Take this one: an infant with a terminal liver disease must be grafted. After waiting on the list for six months for a deceased donor, none arrive, even if the young person is repeatedly admitted to the hospital for life-threatening complications.
Enter the mother – who is willing to give some of her own body – but who is HIV positive.
Is the immediate rescue operation potentially worthy of infecting the infant?
The dilemma is described by doctors at the University of the Witwatersrand in the latest issue of the journal AIDS aujourd & # 39; hui.
"Two aspects of this business are revolutionary," the doctors write. "First, it is a living donation made by an HIV positive person. Second, there is a controlled transplant from an organ from an HIV-positive donor to an HIV-negative recipient, with the potential to prevent recipient infection. "
The transplant center – the Donald Gordon Medical Center in Johannesburg – is the only pediatric transplant program of its kind in all of southern Africa.
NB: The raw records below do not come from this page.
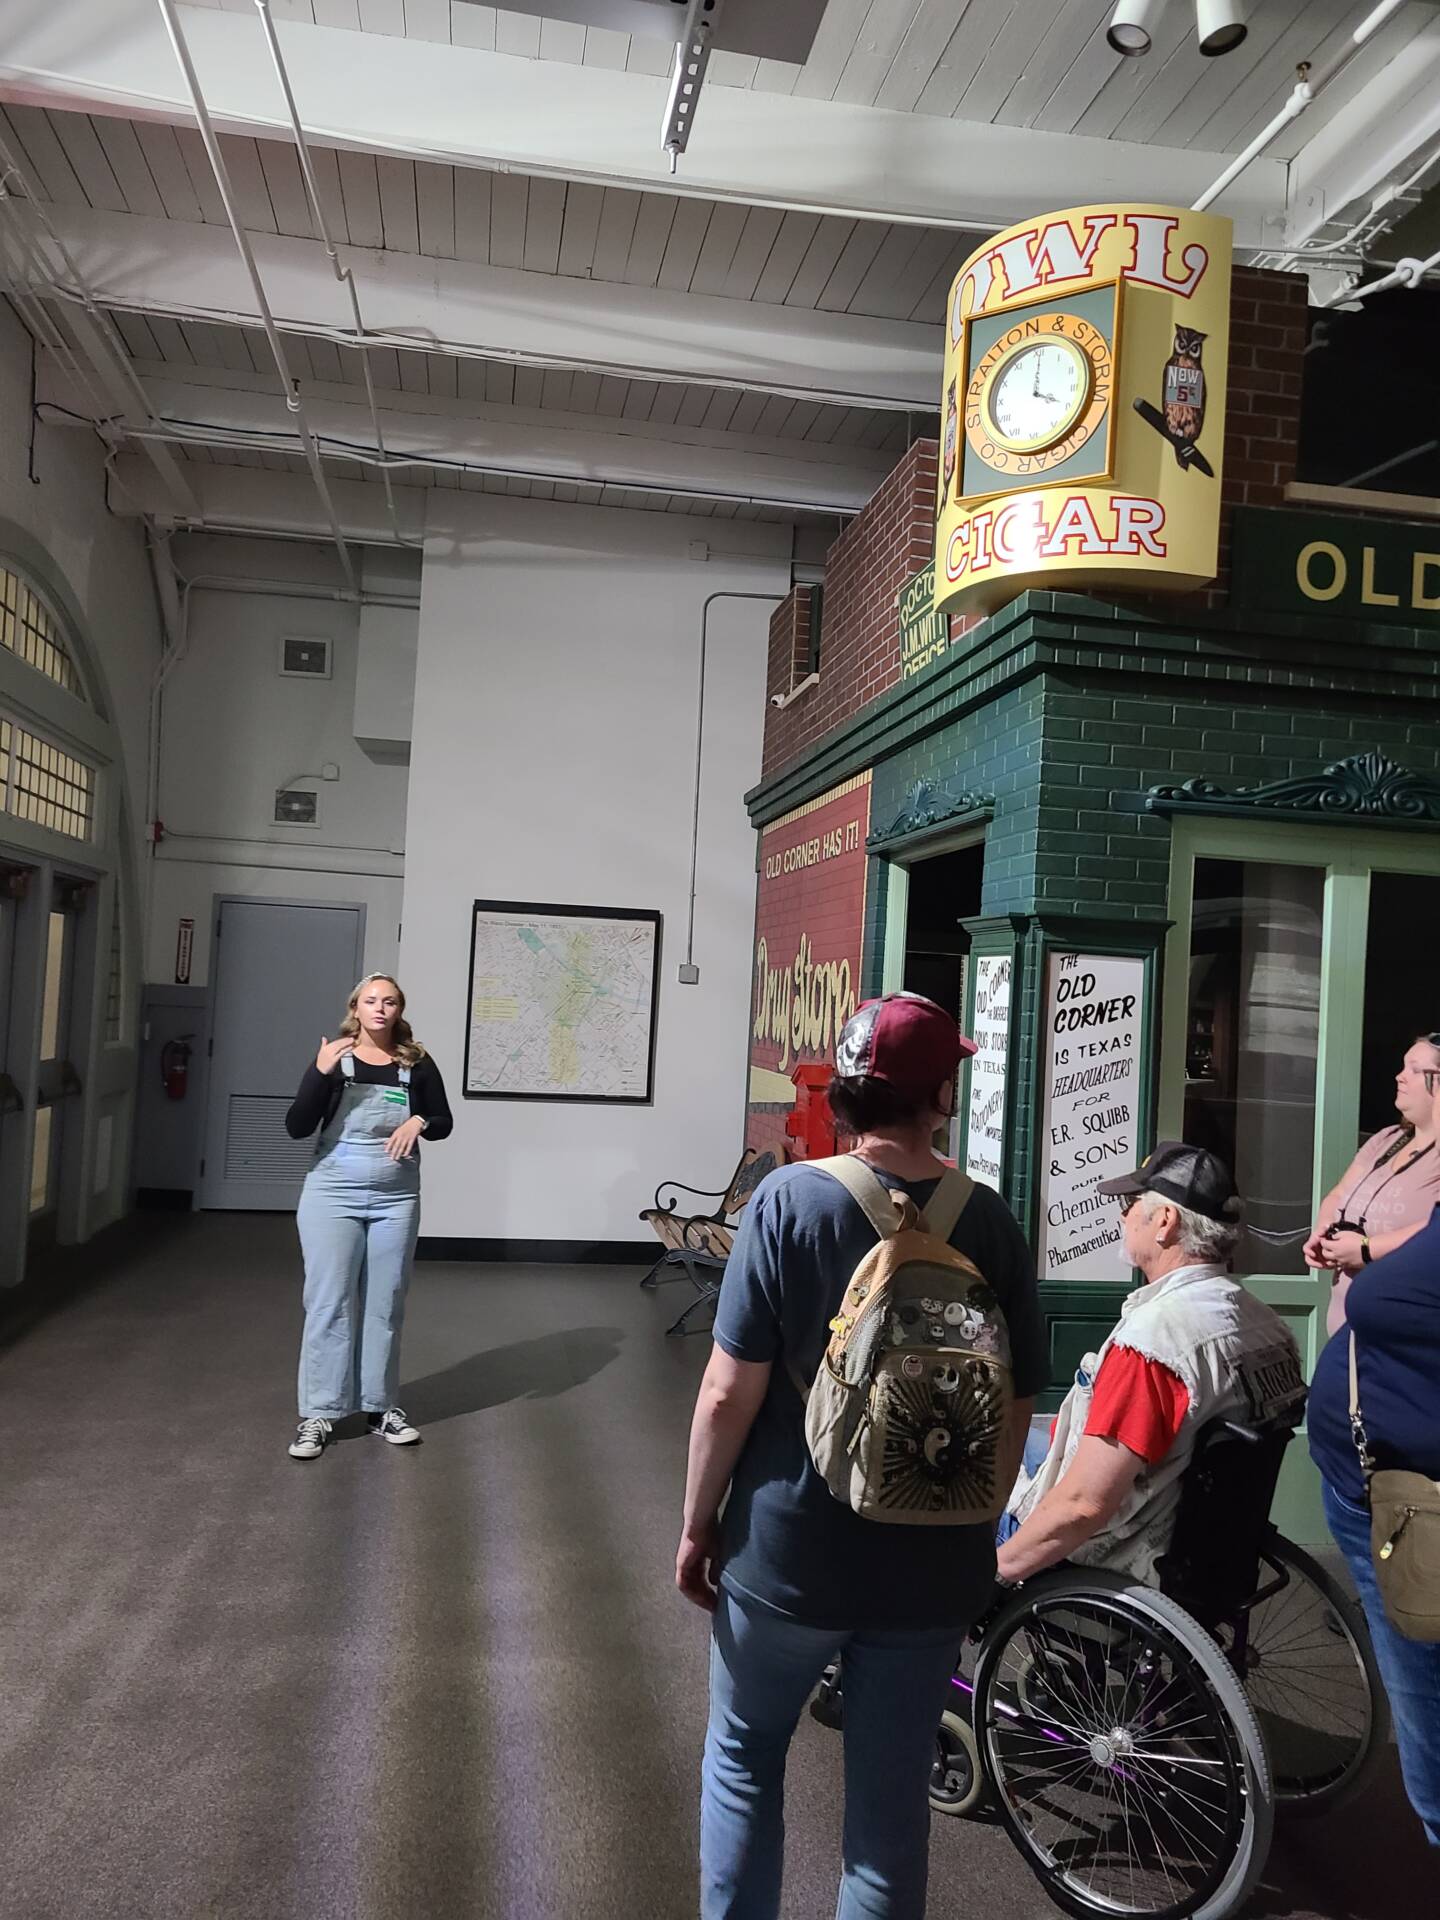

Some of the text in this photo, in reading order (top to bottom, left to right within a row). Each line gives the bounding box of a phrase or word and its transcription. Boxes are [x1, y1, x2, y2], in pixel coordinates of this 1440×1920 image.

[952, 214, 1209, 349] OWL
[1052, 315, 1064, 332] &
[967, 319, 1040, 428] STRAITON
[1073, 322, 1110, 402] STORM
[1168, 366, 1199, 388] NOW
[1018, 425, 1088, 472] CIGAR
[946, 496, 1167, 582] CIGAR
[1296, 541, 1440, 610] OLD
[901, 571, 935, 629] DOCTO
[766, 820, 859, 879] OLD CORNER HAS IT!
[1060, 953, 1080, 971] THE
[754, 932, 855, 1072] Drug Store
[977, 990, 988, 1014] OLD
[1057, 973, 1096, 1003] OLD
[1054, 995, 1136, 1034] CORNER
[975, 1030, 988, 1049] DRUG
[1055, 1033, 1132, 1066] IS TEXAS
[983, 1060, 1006, 1076] TEXAS
[1051, 1057, 1133, 1099] HEADQUARTERS
[1072, 1092, 1111, 1112] FOR
[1082, 1104, 1130, 1134] SQUIBB
[1050, 1136, 1129, 1176] & SONS
[1072, 1174, 1104, 1191] PURE
[1048, 1189, 1120, 1227] Chemica
[1069, 1217, 1106, 1237] AND
Since 2013, some 60 children have received live donor transplants.
Doctors, however, are regularly challenged by HIV-positive parents who wonder why they can not donate to their critically ill children, according to the newspaper.
The case of the 7-month-old changed the normal calculations, according to the reasoning of the doctors.
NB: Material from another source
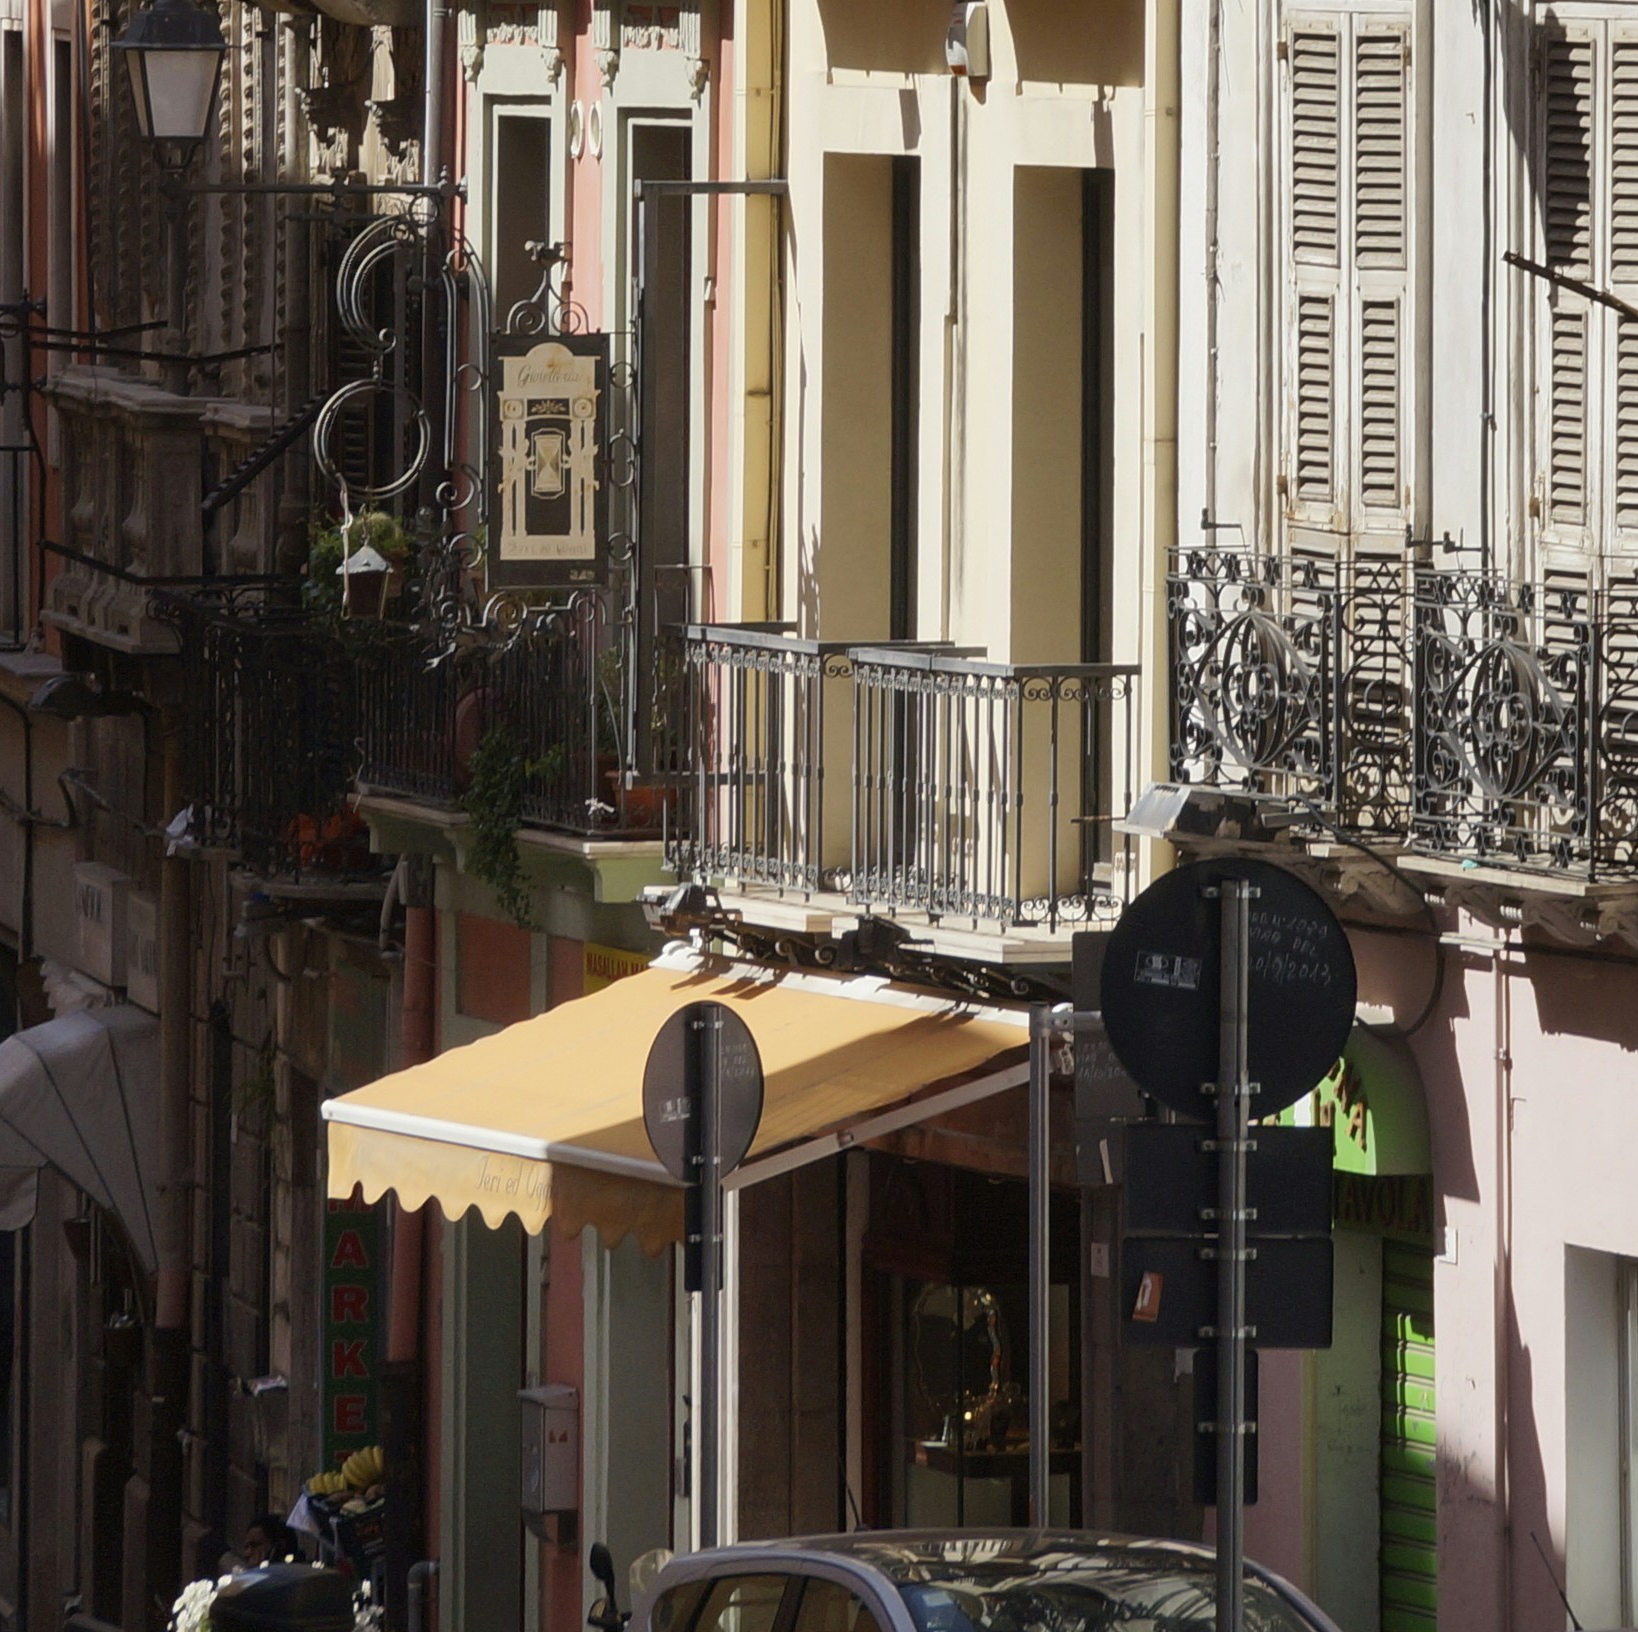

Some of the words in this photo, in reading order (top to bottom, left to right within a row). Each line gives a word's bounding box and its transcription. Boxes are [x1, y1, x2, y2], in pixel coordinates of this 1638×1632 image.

[505, 1160, 524, 1198] ed
[526, 1162, 552, 1212] Ogg
[328, 1188, 374, 1463] ARKE
On average, children on the list get their organ within 49 days. But a child waited 181 days, punctuated several times by hospitalizations. While the infant refused and the mother insisted on providing a piece of liver, the doctors' arguments began to change.
"It was obvious that this request now deserved the utmost attention if we were to save the child's life," said the doctors. "The case has been carefully studied from a legal and ethical point of view, and a multidisciplinary group has undertaken a risk-benefit analysis."
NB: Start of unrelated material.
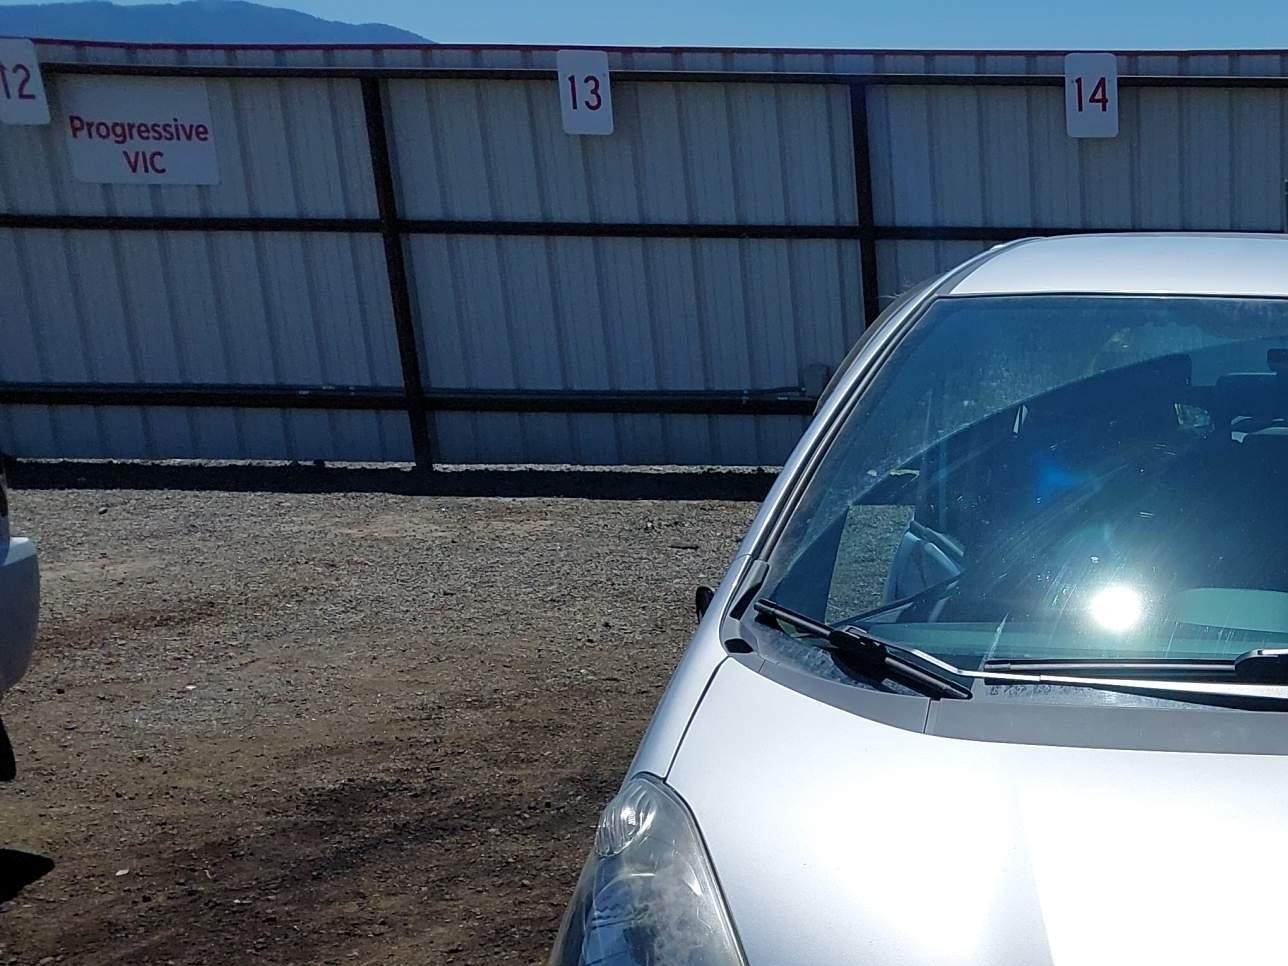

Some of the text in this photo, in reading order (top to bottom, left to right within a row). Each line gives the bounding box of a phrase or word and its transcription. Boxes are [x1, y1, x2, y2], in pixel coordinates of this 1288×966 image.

Eventually, the international review panel approved the donation in an expedited manner, according to the account.
Prophylactic treatments were administered to the child before the intervention and the mother continued her antiretroviral treatment. When conditions were optimal, the transplant was performed at the age of 13 months.
Doctors were operating on the assumption that the organ transplant would also introduce the virus into the child's system, the paper says.
However, there has been good potential so far. While the child originally had anti-HIV antibodies in the blood, HIV experts subsequently found no trace of active HIV infection during pregnancy. the year since the operation, announced the team.
Although the end result remains uncertain, the mother and child are both alive and well, report the doctors.
"We are currently developing new methods of testing the child and hope to be able to provide a definitive answer to the issue of seroconversion in the future," said Carline Tiemessen, pathologist and cell biologist at Witswatersrand. "For now, the child will remain on antiretroviral treatment until we have a more complete picture."